The collection comprises more than five hundred objects and covers a period of time from the 17th to the 20th century.
With respect to territory and cartographic school as well as time of origin, the collection can be divided into several sub-collections.
It contains maps of the Dubrovnik Republic, of the Adriatic and Mediterranean, partial representations of individual seas and islands in the Mediterranean, maps of the Pacific and the Atlantic, of South America, east Asia and other parts of the world and also old editions of atlases, of which the atlases Atlante Veneto of 1696 of Vincenzo Coronelli and the Portulan Atlas of 1649 of the well-known Italian cartographer Placido Calorio e Oliva of Messina are particularly interesting.
With respect to cartographic schools, the collection keeps charts and maps of French and Italian cartographers of the 17th, 18th and 19th centuries, and Flemish, Austrian and English cartographers of the 18th and 19th centuries.
The oldest objects derive from the second half of the 17th century.
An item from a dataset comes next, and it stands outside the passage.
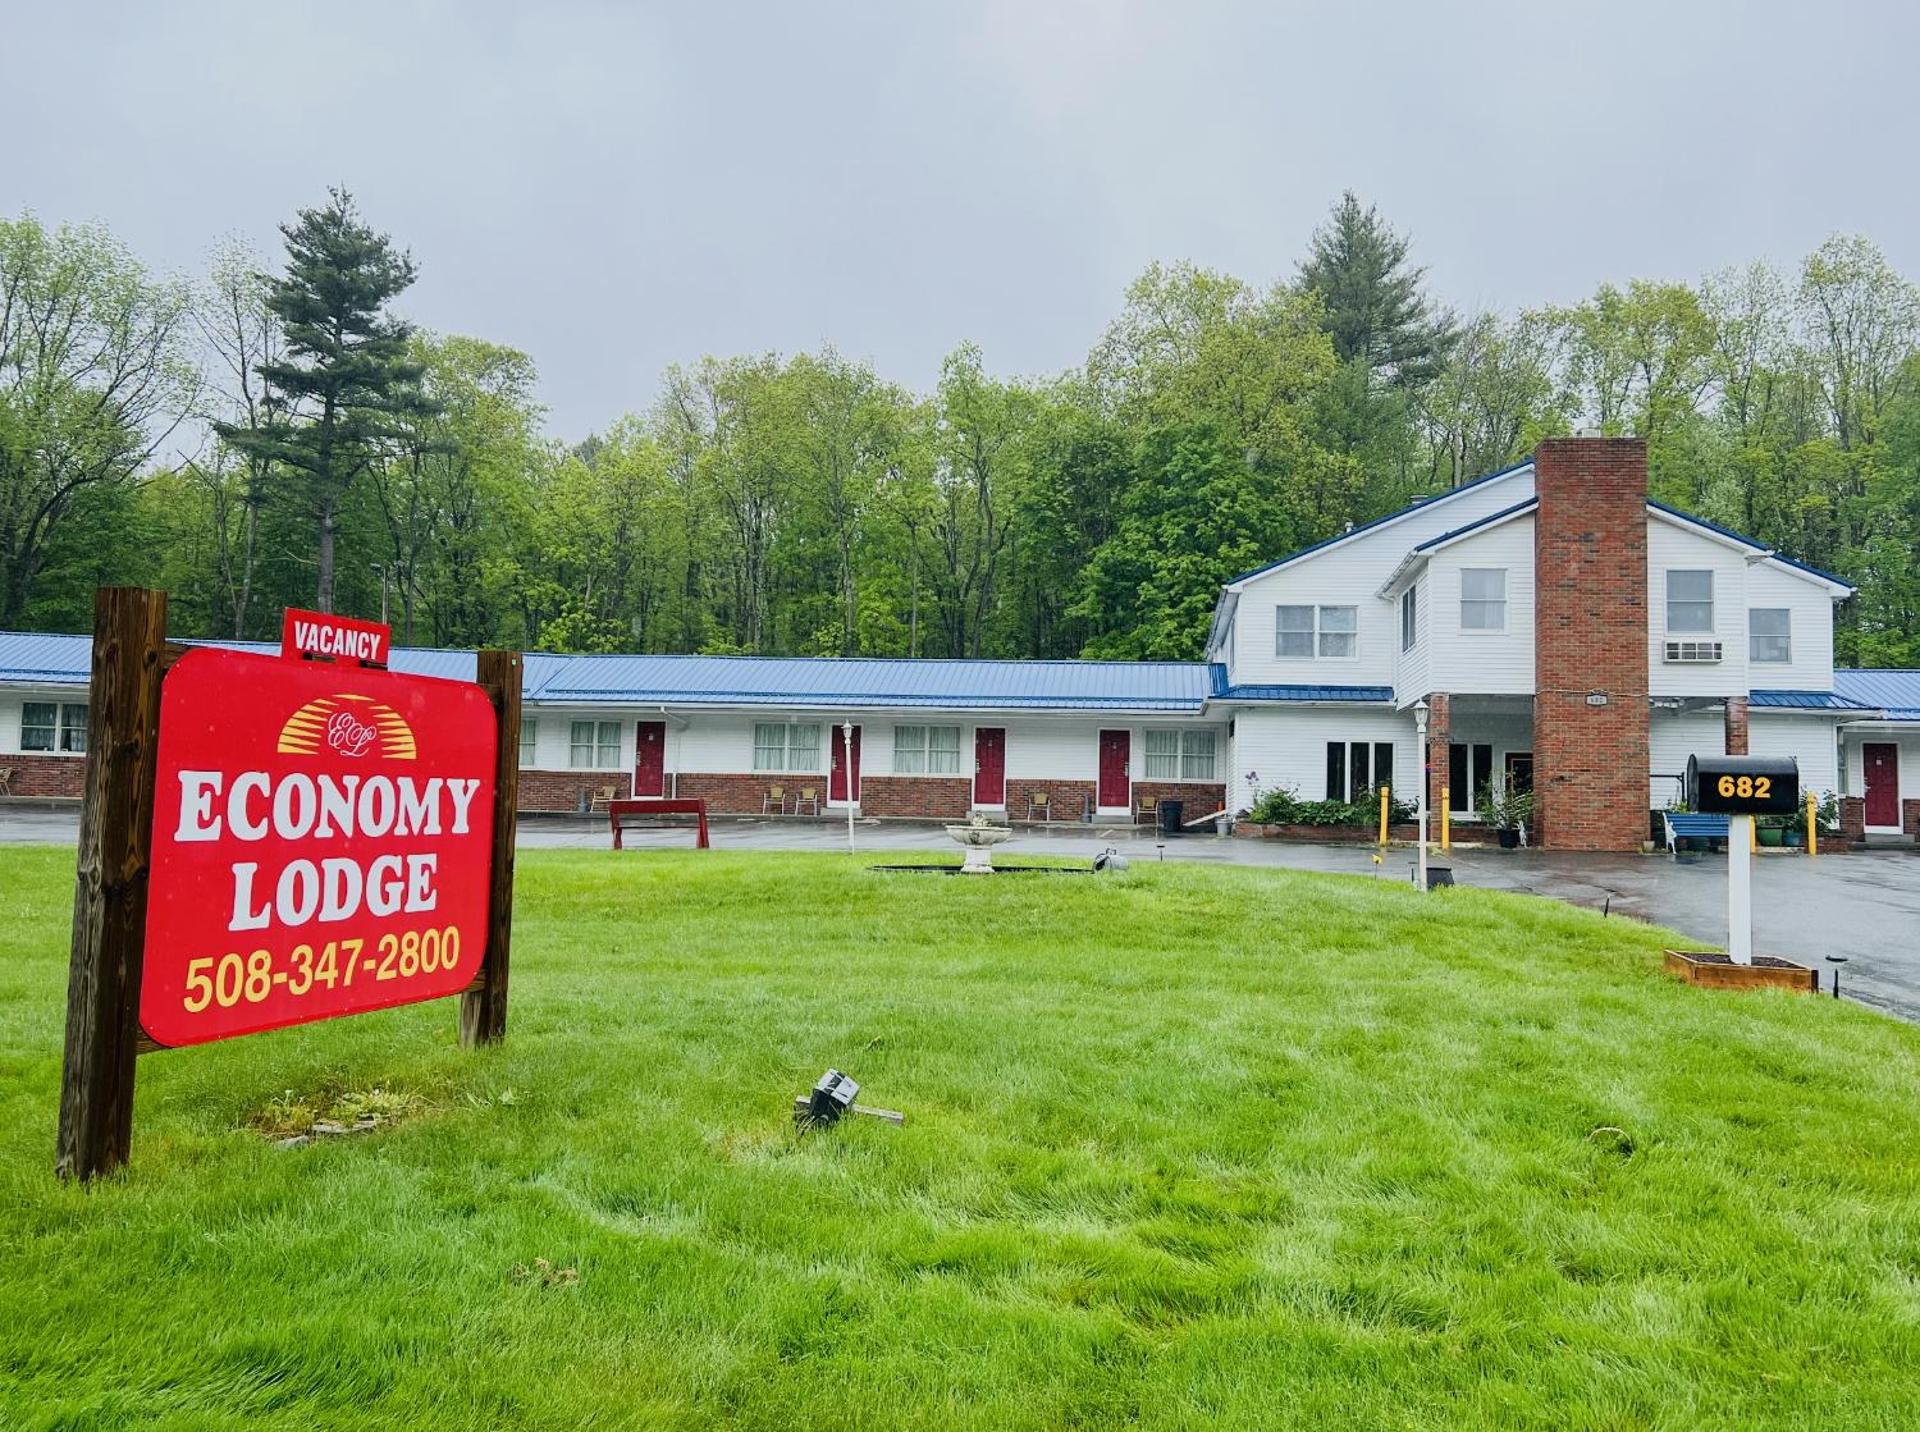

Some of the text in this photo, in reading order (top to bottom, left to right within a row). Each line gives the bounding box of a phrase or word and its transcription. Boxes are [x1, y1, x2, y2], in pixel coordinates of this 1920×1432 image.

These are maps of the Venetian cartographer V. Coronelli and the French mapmaker G. Sanson.
The collection holds nautical charts of the Adriatic Sea and the eastern Adriatic coast from the 19th to the 20th century, constructed by the Austro-Hungarian Imperial and Royal Navy, the Navy of the Kingdom of the Serbs, Croats and Slovenes, the Genoese Naval Hydrographic Institute, the Military Geography Institute of Belgrade and the Hydrographic Institute of the Yugoslav Navy in Split, and these constitute the major part of the collection.
Only a smaller part of the collection is on show in the permanent display. Among the exhibits, particular attention is drawn by maps of the Dubrovnik Republic and the Adriatic coast of the European cartographers V. Coronelli and G. Sanson.